Each one marks the spot where a Guinea worm – a spaghetti-like waterborne parasite up to 1m long – pushed out of his skin.

After living inside its host for up to 14 months, the long worm, often known as the “fiery serpent”, releases chemicals to soften the flesh, making a blistering, pus-filled wound. It then pushes out so it can deposit around a million larvae.

“The pain is great,” said Lokoi, who lives in Sudan’s dry Eastern Equatoria State.

A Guinea worm emerges from the leg of a girl in Juba, southern Sudan, in this picture taken on June 21 last year.

Burning pain sends many victims into the nearest available water for relief. For Lokoi’s Toposa tribe, this is often one of the small stagnant hand-dug rainwater ponds or shallow wells the whole community depends on.

The Guinea worm spews a cloud of larvae into the water on contact and dies.
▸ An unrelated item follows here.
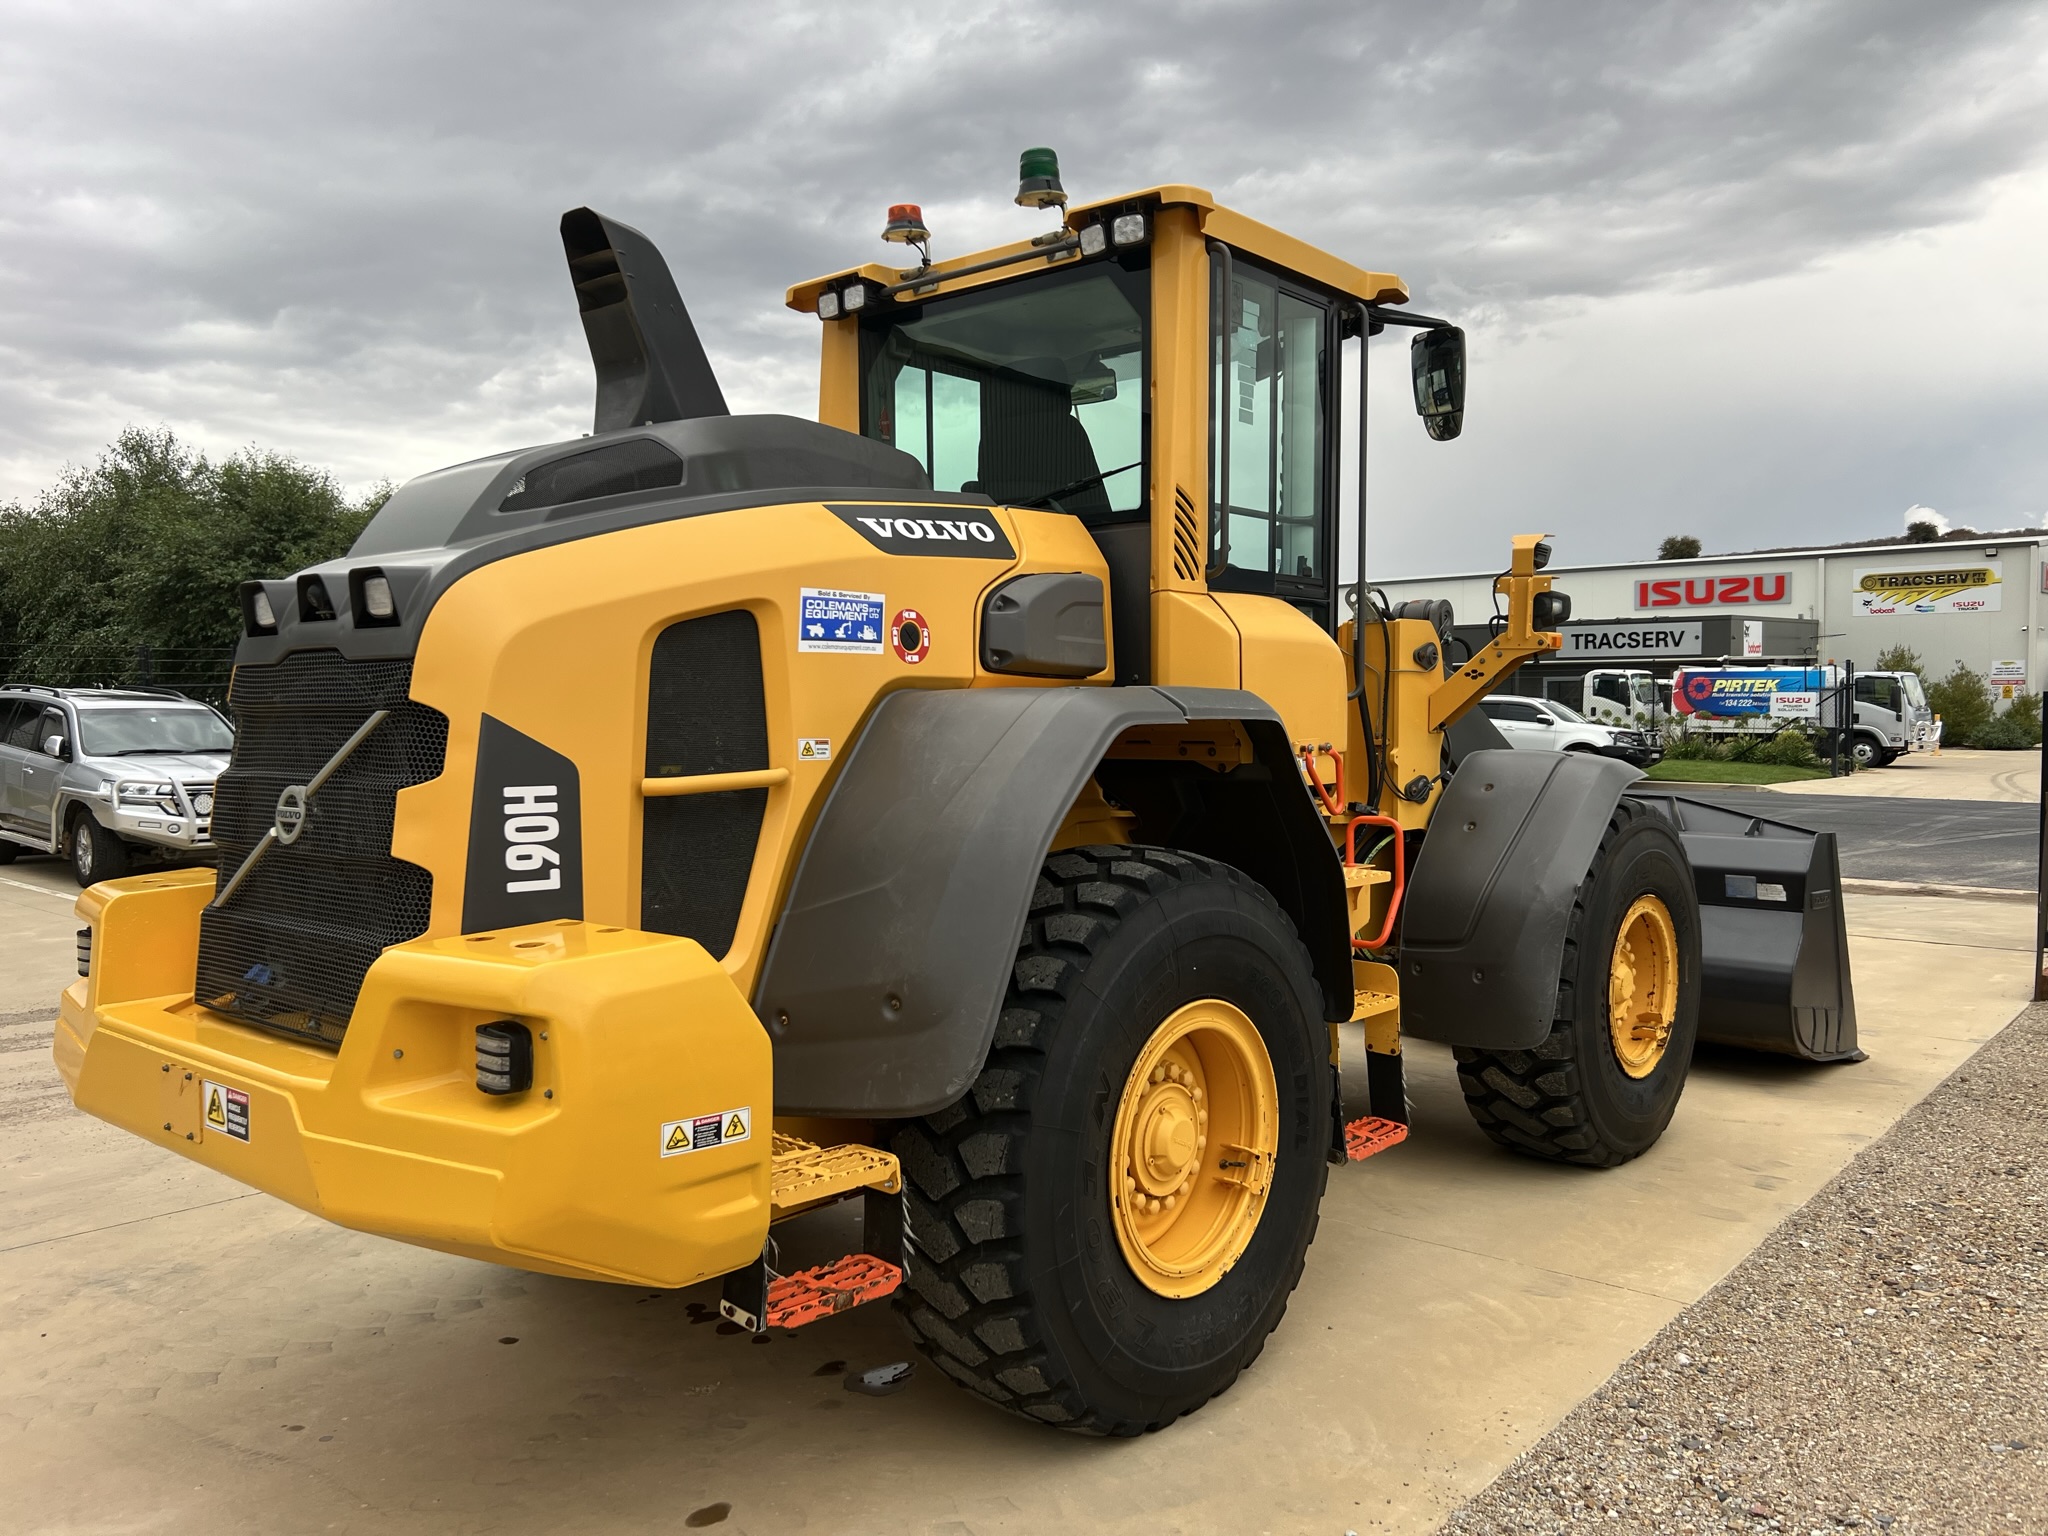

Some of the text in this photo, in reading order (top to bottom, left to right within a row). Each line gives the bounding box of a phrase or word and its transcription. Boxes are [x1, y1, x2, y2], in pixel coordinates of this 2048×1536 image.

Unless it is boiled or filtered, the water is likely to infect those who drink it.

Sudan is home to four-fifths of the world’s cases of Guinea worm: a painful and soul-destroying yearly fixture that often afflicts people during the rainy season. But now, there is fresh hope the parasite can finally be eradicated.

The semi-autonomous southern government and the US Carter Center, an aid group set up by former US president Jimmy Carter, aim to eliminate Guinea worm from Sudan by next year as part of their goal of ridding the world of the disease by then.

This would be the first global eradication since smallpox was wiped out in 1977, and the first without vaccines or medicines.

“There is no silver bullet, no vaccine. If you can keep everyone who has Guinea worm out of the water for one year, then it’s gone,” said Steven Becknell, who heads south Sudan’s Carter Center office.

When the Carter Center first got involved with the disease in 1986, there were 3.5 million cases worldwide.

In 2006, only 25,217 cases were recorded and just over 20,000 of those were in Sudan, Africa’s largest country. Ghana recorded around 4,000 cases that year, and the parasite, also known as dracunculiasis, is also holding on in Mali, Nigeria and Niger. Since then, there has been dramatic improvement in Sudan, which registered only 5,815 cases in 2007.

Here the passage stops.